The Talking Asshole


“Did I ever tell you about the man 
who taught his asshole to talk?”
—William Burroughs, NAKED LUNCH

Did I ever tell you about the man—
who taught his asshole how to talk?

Actually it was the other way around—
his asshole taught him to talk instead

He was really good at it—
farting away grand speeches on TV

It was unlike anything ever heard—
or smelled before such a shitty syntax!!!

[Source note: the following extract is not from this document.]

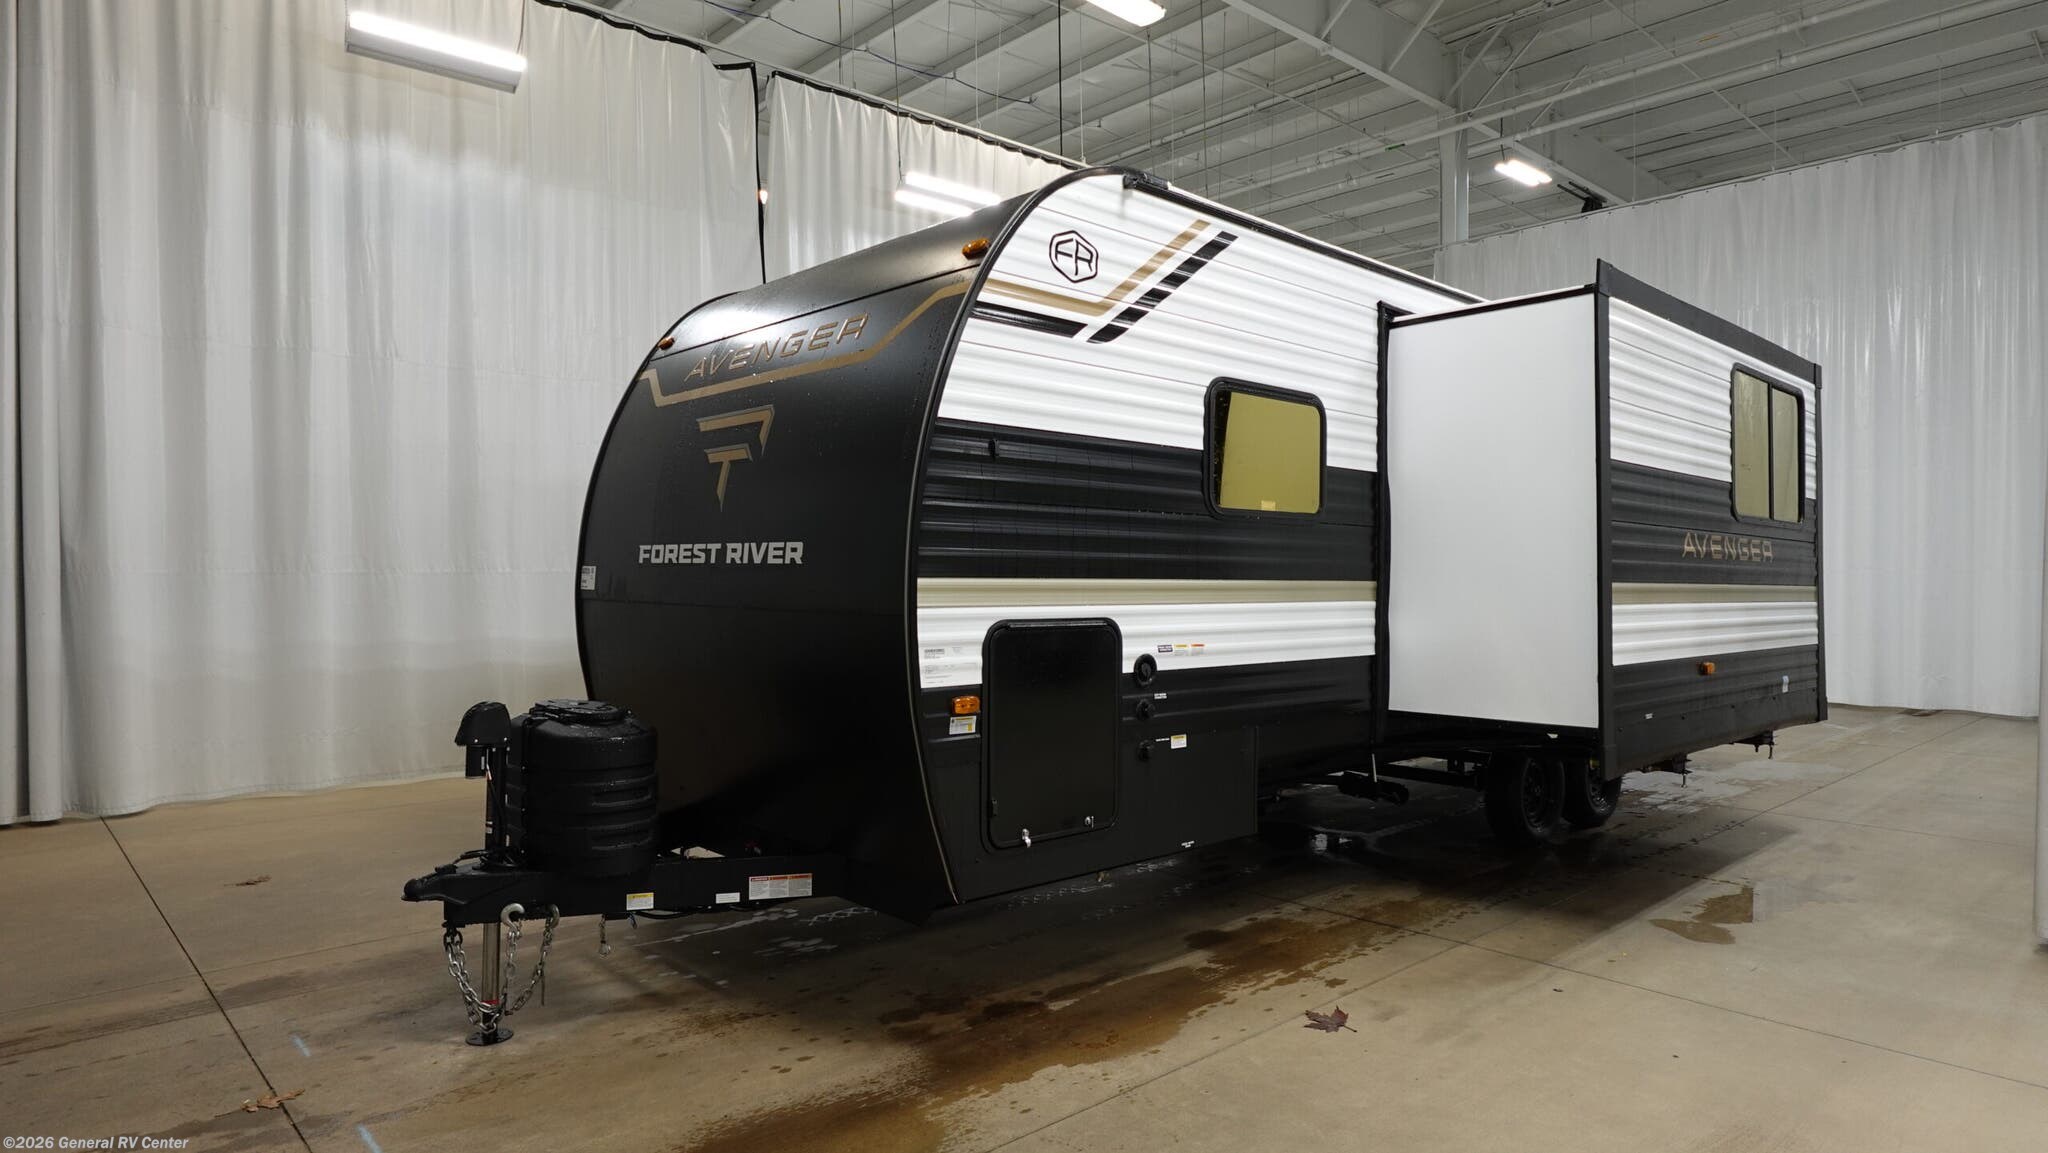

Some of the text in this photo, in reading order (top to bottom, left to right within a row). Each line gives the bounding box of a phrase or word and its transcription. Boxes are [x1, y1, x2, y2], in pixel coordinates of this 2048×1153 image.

[684, 312, 870, 382] AVENGER
[638, 541, 804, 565] FOREST RIVER
[1682, 531, 1774, 563] AVENGER

His asshole talked with such fluency—
his colon was tres intelligentsia

He worked for this traveling carnival—
at first a novelty ventriloquist act

After awhile he started talking to himself—
his ass would ad lib & toss out gags

But his asshole got bored with all that—
eating through his pants out on the street

Shouting out it wanted equal rights—
all pouty & puckered up in farting jags

Bitching that nobody loved it & wanted—
to be kissed like any other pair of lips

The guy couldn’t stop his talking asshole—
it went on & on ranting day and night

You could hear it for blocks away—
people screaming for it to shut the fuck up

The guy threatened his asshole saying—
I’ll stick a fucking dildo in you, then what?

You’re the one that’s gonna shut up—
the talking asshole said back to the guy

I don’t need you anymore because—
I can talk and eat and SHIT if I want to!!!

After that the dildo shut him up good—
but when the guy had to shit, WATCH OUT!!!

So anyway, the talking asshole shut up—
cause one thing it needed was a pair of eyes

It trapped the guy though one day—
getting an organ transplant on the sly

Viola!!! The first talking asshole with an eye—
It walks!!! It talks!!! It can even see!!!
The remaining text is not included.